Task statement:
Could you restate every entry word for word, leaving the pictures out?

★ ★ ★

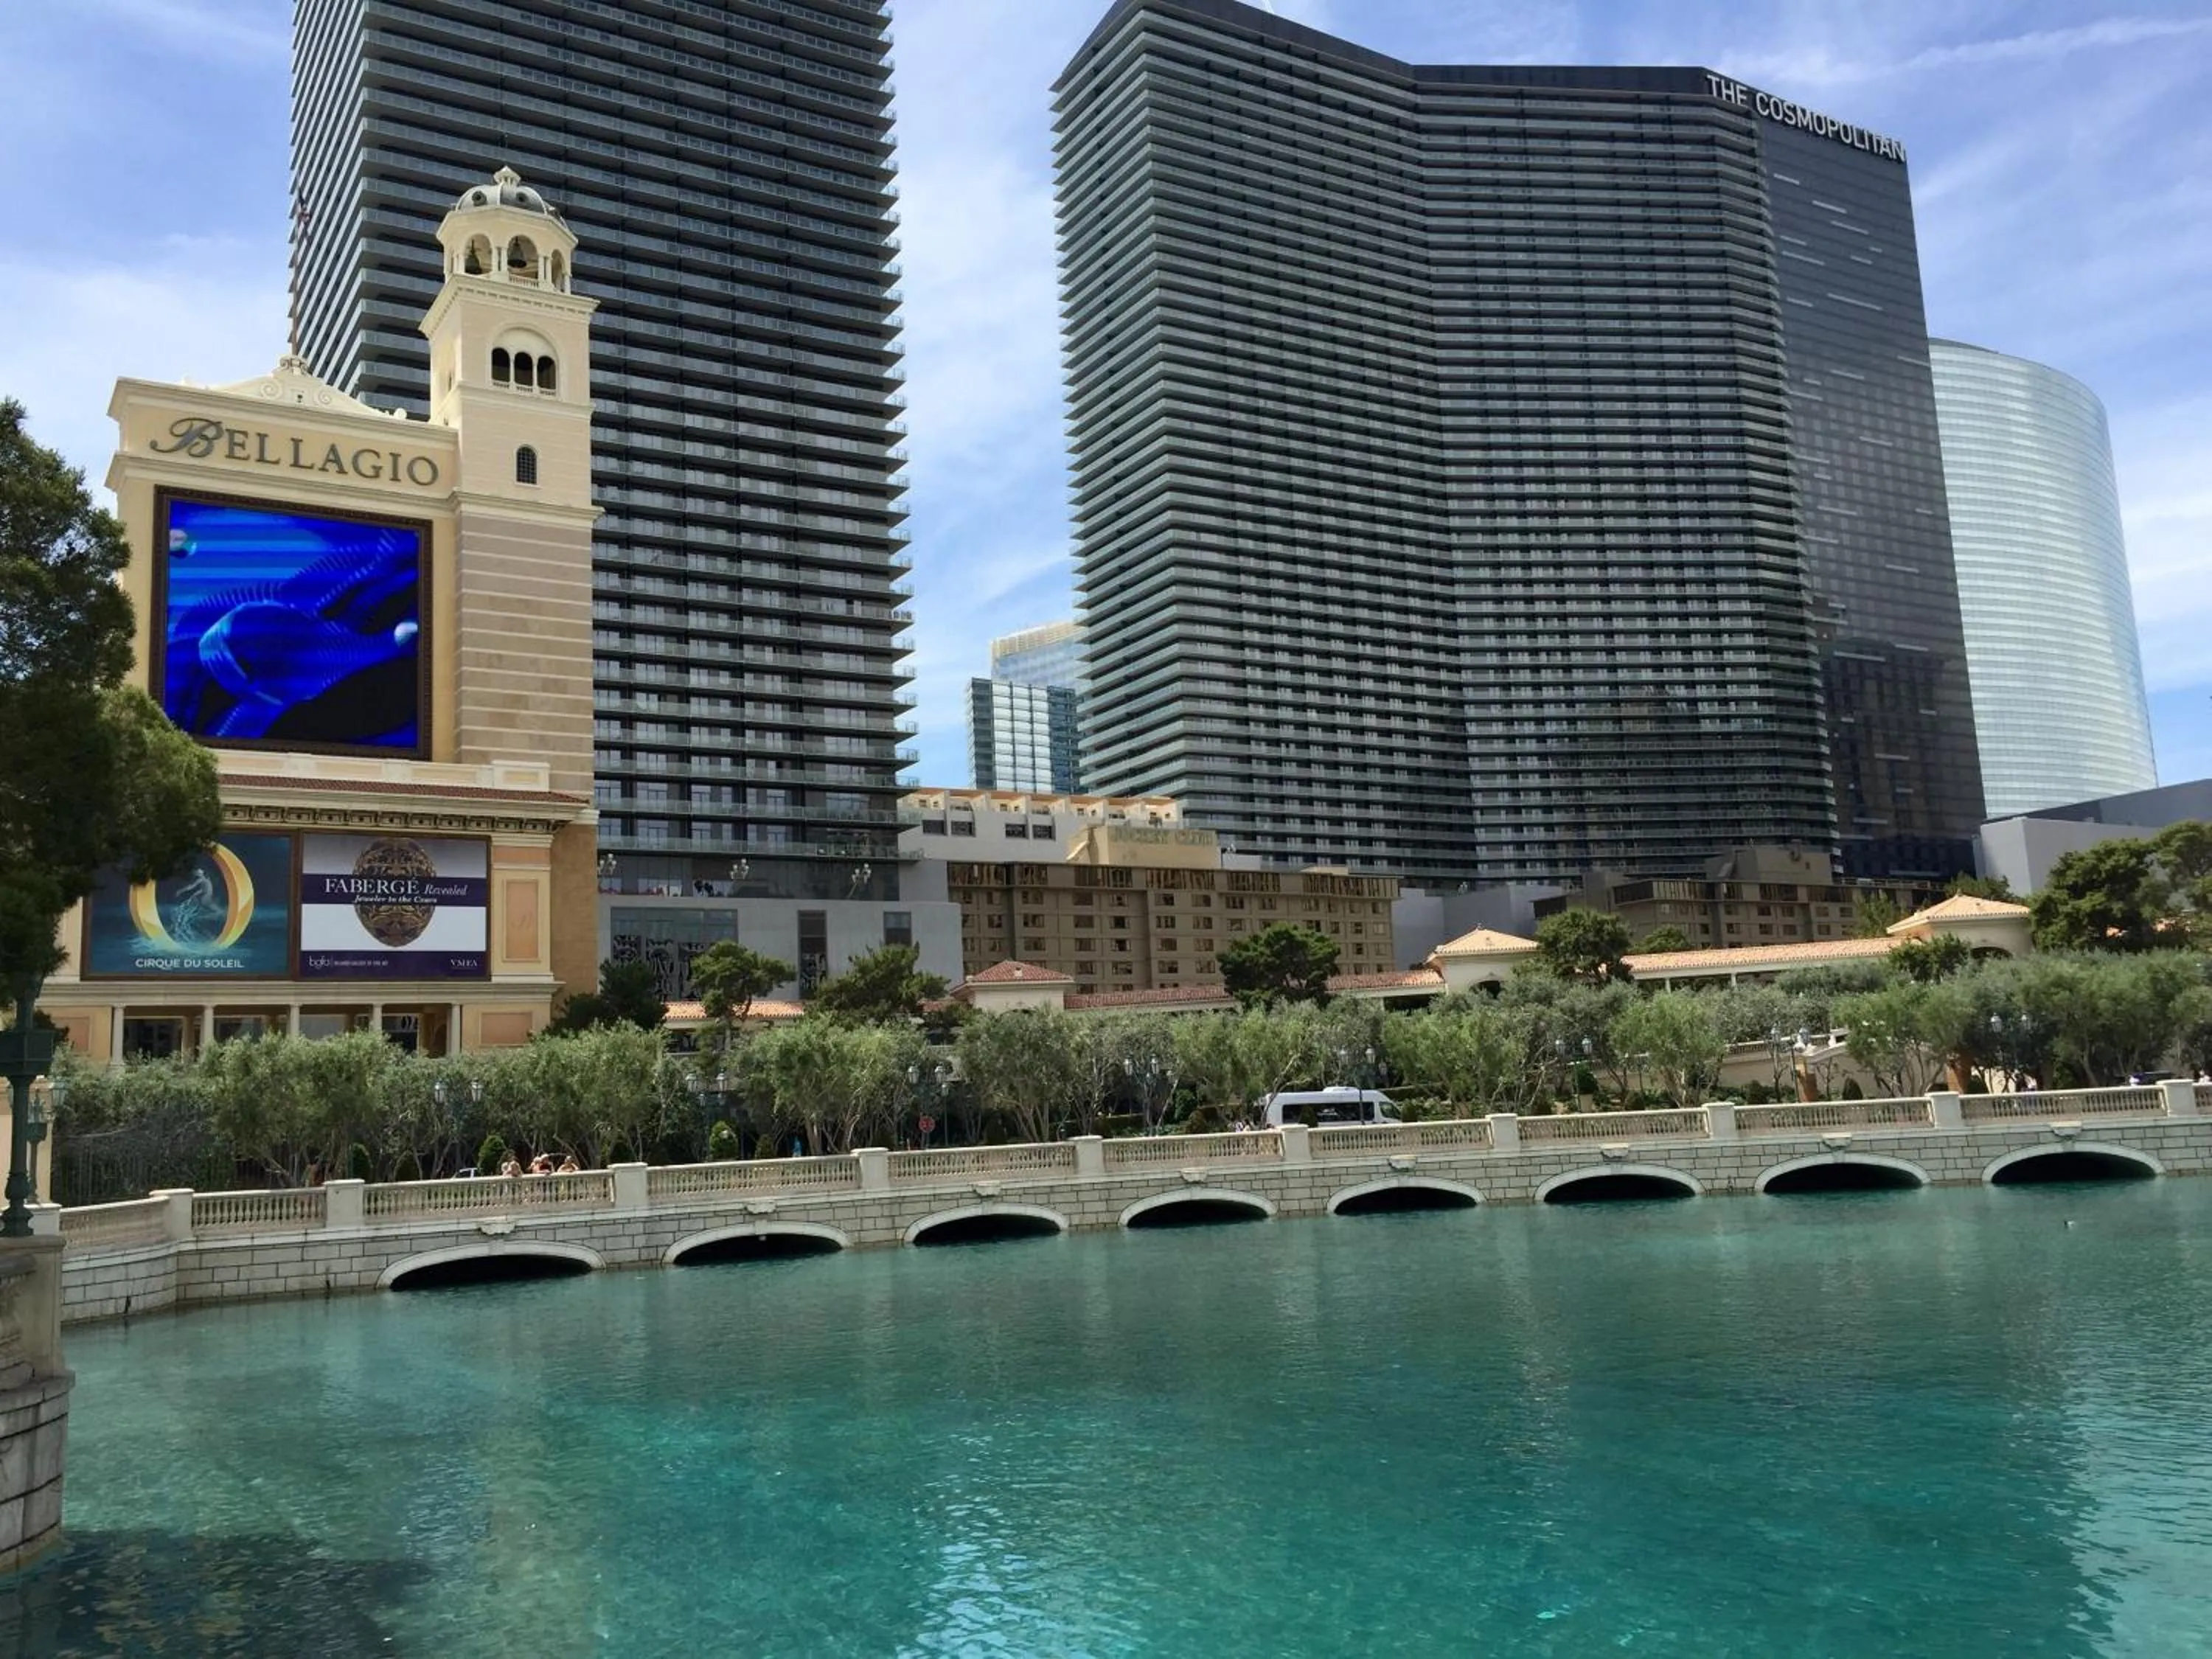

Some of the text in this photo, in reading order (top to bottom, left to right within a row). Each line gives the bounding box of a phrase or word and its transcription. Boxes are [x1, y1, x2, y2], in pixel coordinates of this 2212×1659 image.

[1707, 75, 1906, 162] THE COSMOPOLITAN
[150, 417, 439, 486] BELLAGIO
[324, 877, 420, 894] FABERGÉ
[135, 959, 244, 970] CIRQUE DU SOLEIL

★ ★ ★

Answer to this exercise:
Some of the text in this photo, in reading order (top to bottom, left to right within a row). Each line gives the bounding box of a phrase or word and its transcription. Boxes are [x1, y1, x2, y2], in pixel coordinates of this 2212×1659 image.

[1707, 75, 1906, 162] THE COSMOPOLITAN
[150, 417, 439, 486] BELLAGIO
[324, 877, 420, 894] FABERGÉ
[135, 959, 244, 970] CIRQUE DU SOLEIL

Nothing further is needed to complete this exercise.